Alice Sebold, author of the best-selling novel "The Lovely Bones," on Tuesday apologized to a Black man who spent 16 years in prison for her 1981 rape, only to see his conviction overturned last week.
"I want to say that I am truly sorry to Anthony Broadwater and I deeply regret what you have been through," said Sebold, whose breakthrough book "Lucky" described her traumatic assault at age 18.
"I am sorry most of all for the fact that the life you could have led was unjustly robbed from you, and I know that no apology can change what happened to you and never will," Sebold, now 58, said in a statement.
Broadwater, 61, had always maintained his innocence but was convicted in 1982 of the rape and spent 16 years behind bars.

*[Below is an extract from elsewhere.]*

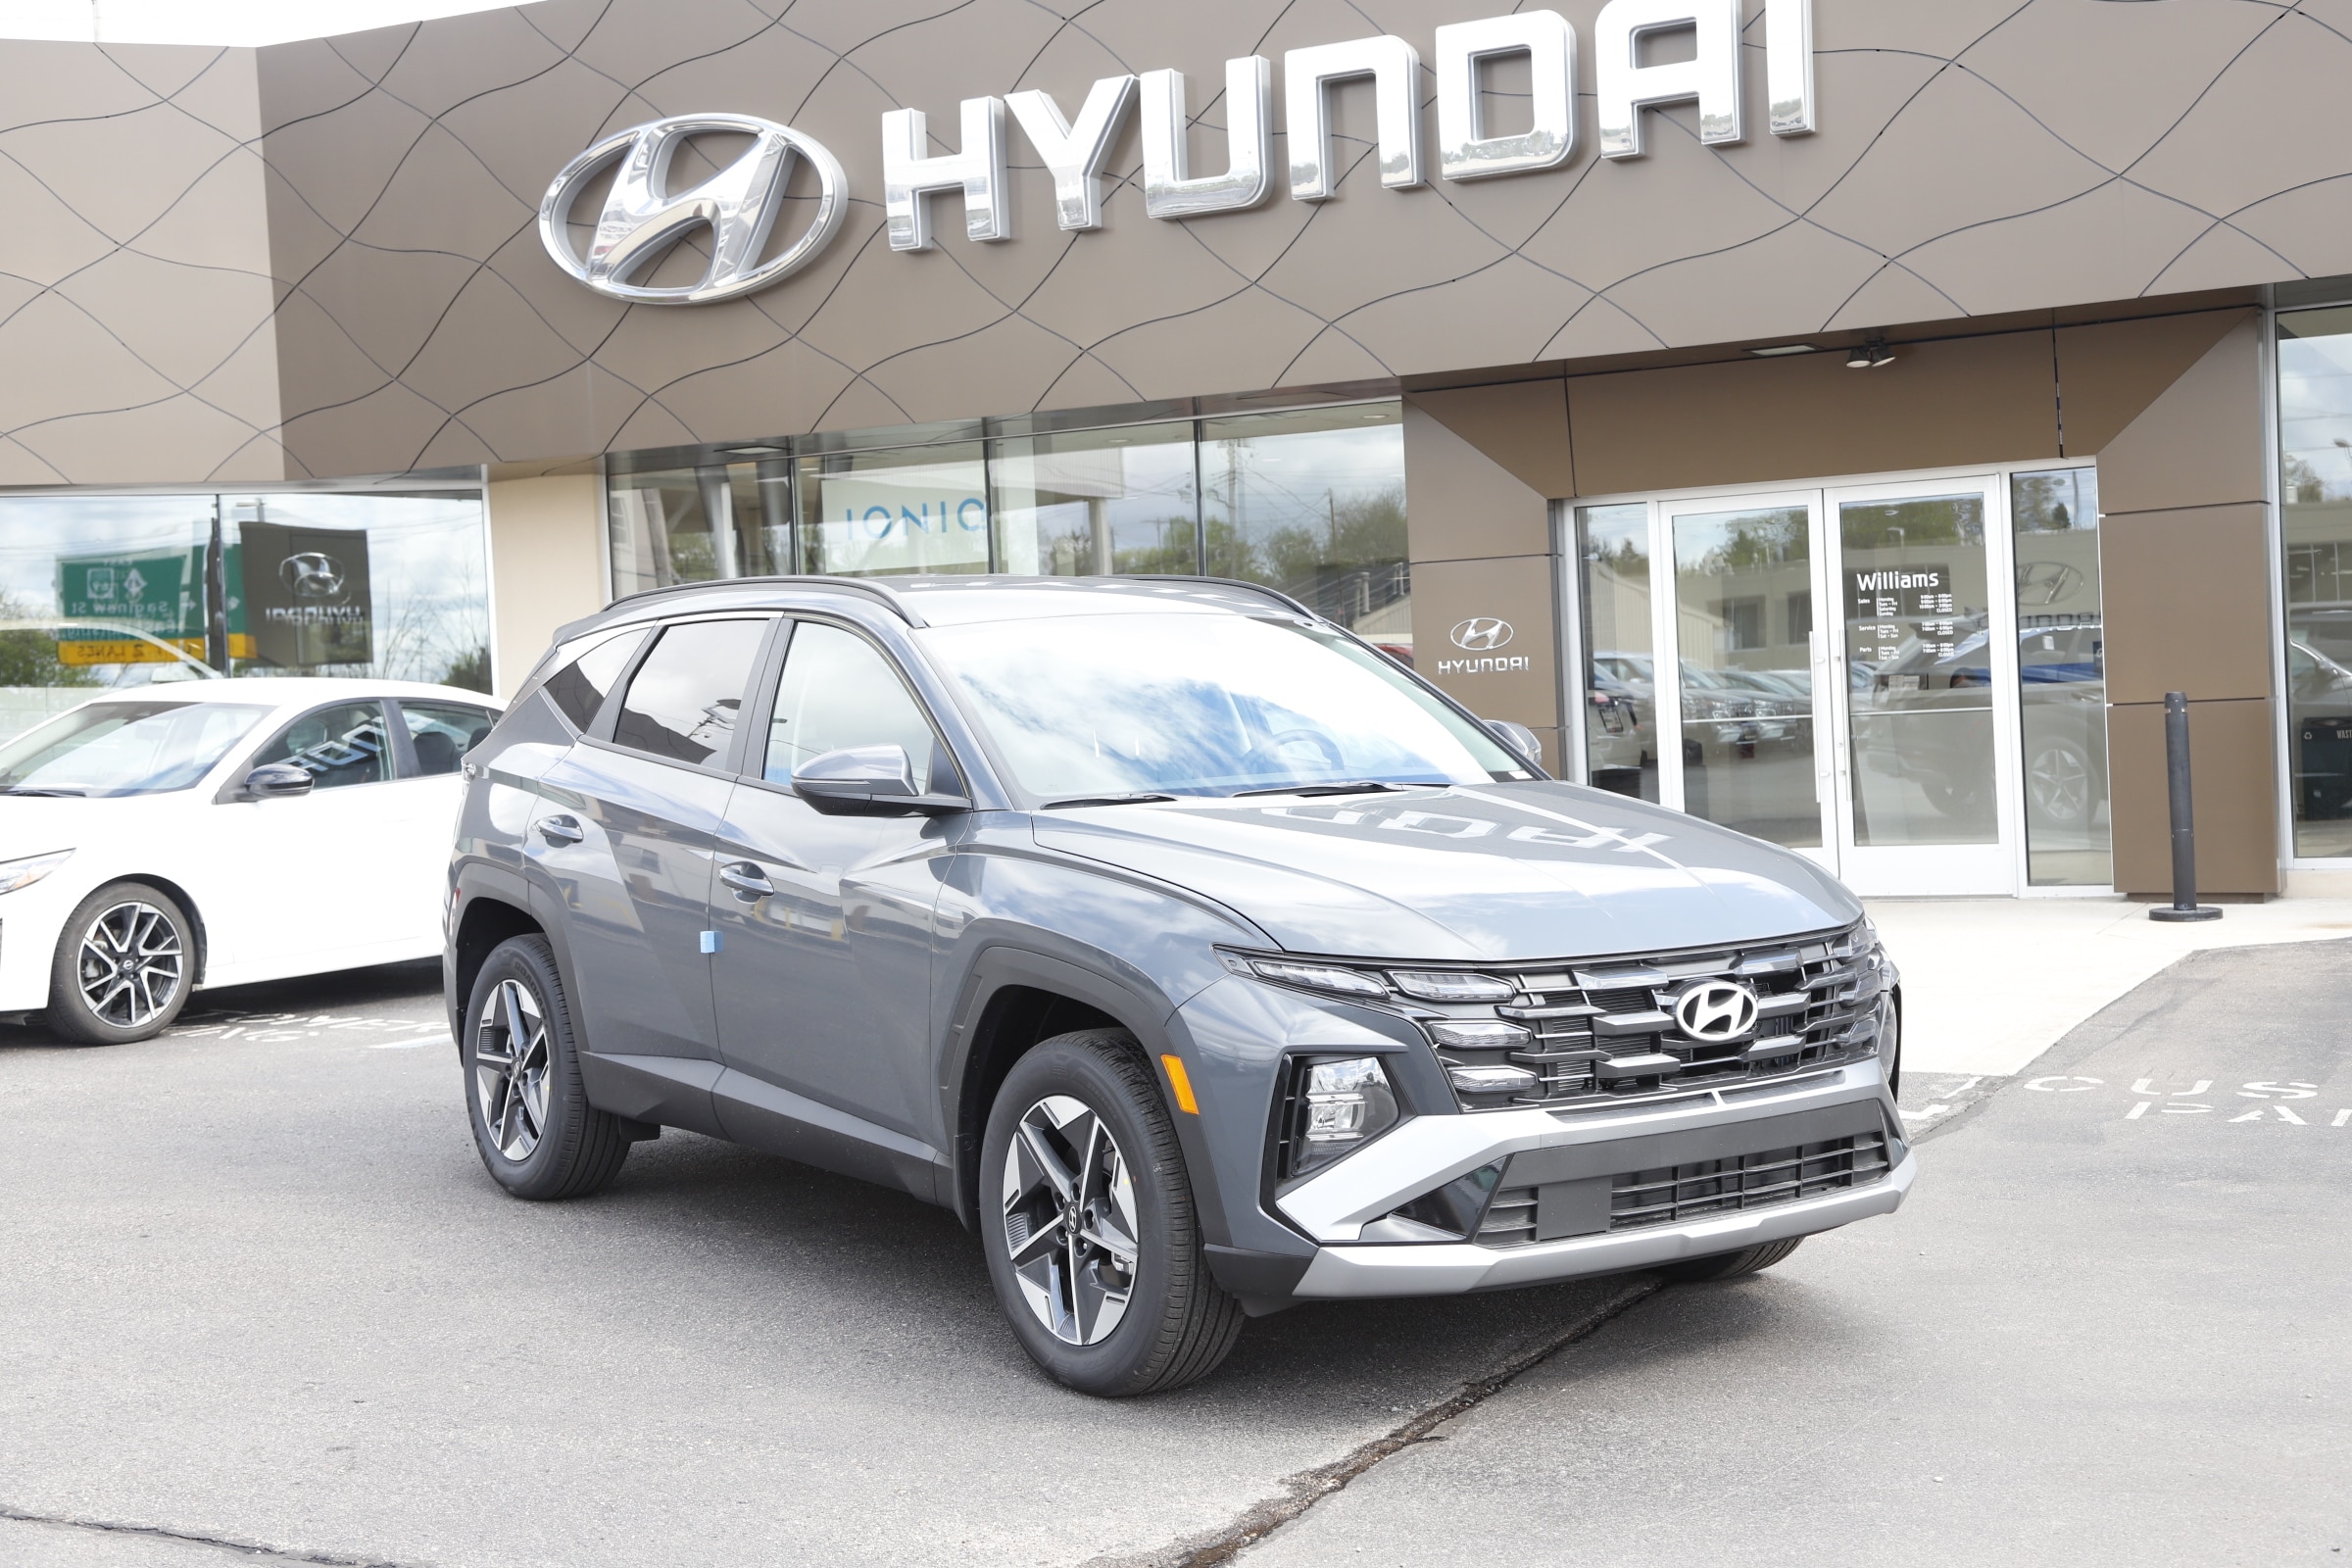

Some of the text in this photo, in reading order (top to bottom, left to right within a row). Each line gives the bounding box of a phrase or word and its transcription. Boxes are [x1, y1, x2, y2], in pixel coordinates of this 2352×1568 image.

[882, 0, 1816, 253] HYUNDAI
[1856, 570, 1939, 592] Williams
[1438, 656, 1529, 675] HYUNDAI

Shortly after his release, "Lucky" came out in 1999, a memoir in which Sebold described the brutal attack she suffered as a first-year student at Syracuse University in New York state.
Sebold -- whose bestseller "The Lovely Bones" also dealt with the issue of sexual assault -- said she was "grateful that Mr Broadwater has finally been vindicated."
But, she added, "the fact remains that 40 years ago, he became another young Black man brutalized by our flawed legal system. I will forever be sorry for what was done to him."
Five months after Sebold reported the rape to the police, Broadwater was arrested after she passed him on the street and identified him as the possible attacker, US media said.
She failed to pick him out of a police lineup, but Broadwater was tried anyway and convicted largely based on her account and hair analysis later found to be flawed.
"My goal in 1982 was justice -- not to perpetuate injustice. And certainly not to forever, and irreparably, alter a young man's life by the very crime that had altered mine," Sebold wrote.
Broadwater's conviction was overturned last week in New York after a re-examination of the case found serious flaws in the prosecution at the time.
In her message to Broadwater, Sebold said: "I hope most of all that you and your family will be granted the time and privacy to heal."
Broadwater has spoken out publicly of the stigma and isolation he suffered as a registered sex offender for almost four decades.
"On my two hands, I can count the people that allowed me to grace their homes and dinners, and I don't get past 10," he told The New York Times. "That's very traumatic to me."